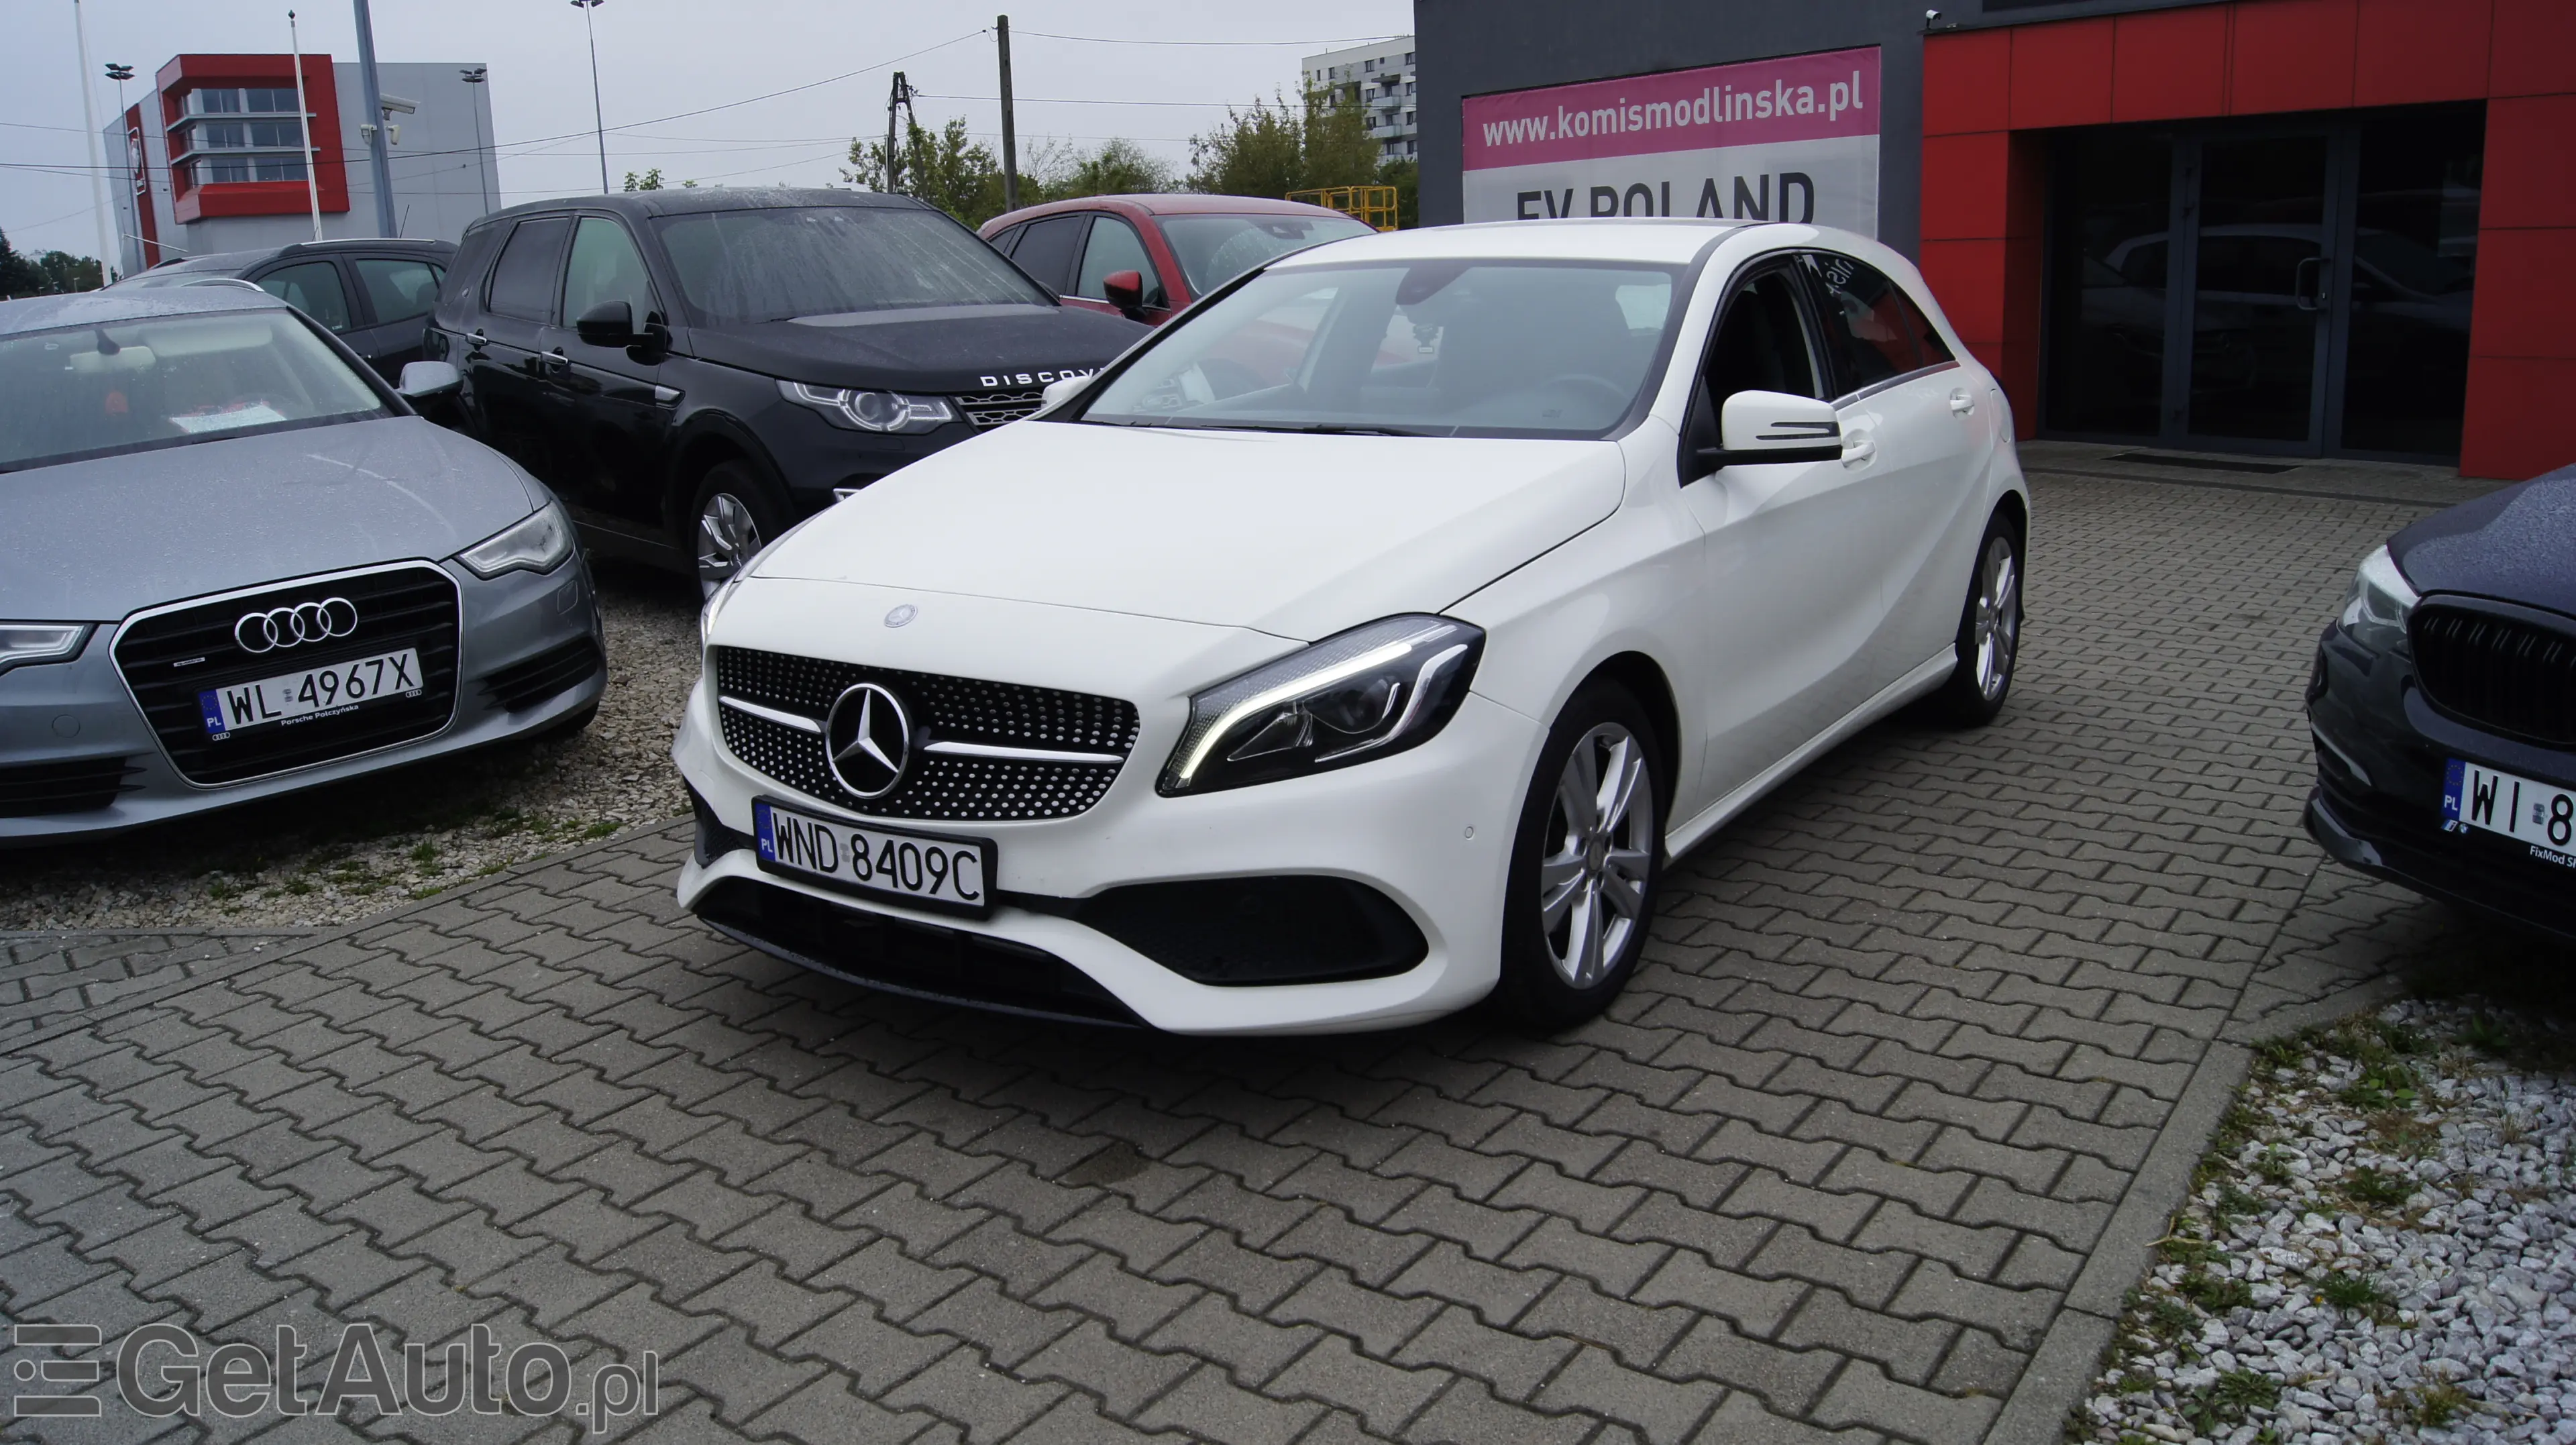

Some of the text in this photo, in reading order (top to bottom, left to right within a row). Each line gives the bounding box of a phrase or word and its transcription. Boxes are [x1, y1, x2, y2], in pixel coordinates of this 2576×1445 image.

[1483, 70, 1863, 146] www.komismodlinska.pl
[980, 368, 1106, 386] DISCOV
[227, 653, 414, 725] WL 4967X
[207, 716, 221, 728] PL
[281, 714, 313, 726] Porsche
[2444, 794, 2458, 811] PL
[2471, 769, 2574, 846] WI 8
[761, 838, 773, 853] PL
[2530, 845, 2565, 865] FixMod
[773, 812, 980, 900] WND 8409C
□ □ □ □ □ □ □
- Activity:
An exact reproduction of the material is needed, without its images.

- Solution:
Some of the text in this photo, in reading order (top to bottom, left to right within a row). Each line gives the bounding box of a phrase or word and its transcription. Boxes are [x1, y1, x2, y2], in pixel coordinates of this 2576×1445 image.

[1483, 70, 1863, 146] www.komismodlinska.pl
[980, 368, 1106, 386] DISCOV
[227, 653, 414, 725] WL 4967X
[207, 716, 221, 728] PL
[281, 714, 313, 726] Porsche
[2444, 794, 2458, 811] PL
[2471, 769, 2574, 846] WI 8
[761, 838, 773, 853] PL
[2530, 845, 2565, 865] FixMod
[773, 812, 980, 900] WND 8409C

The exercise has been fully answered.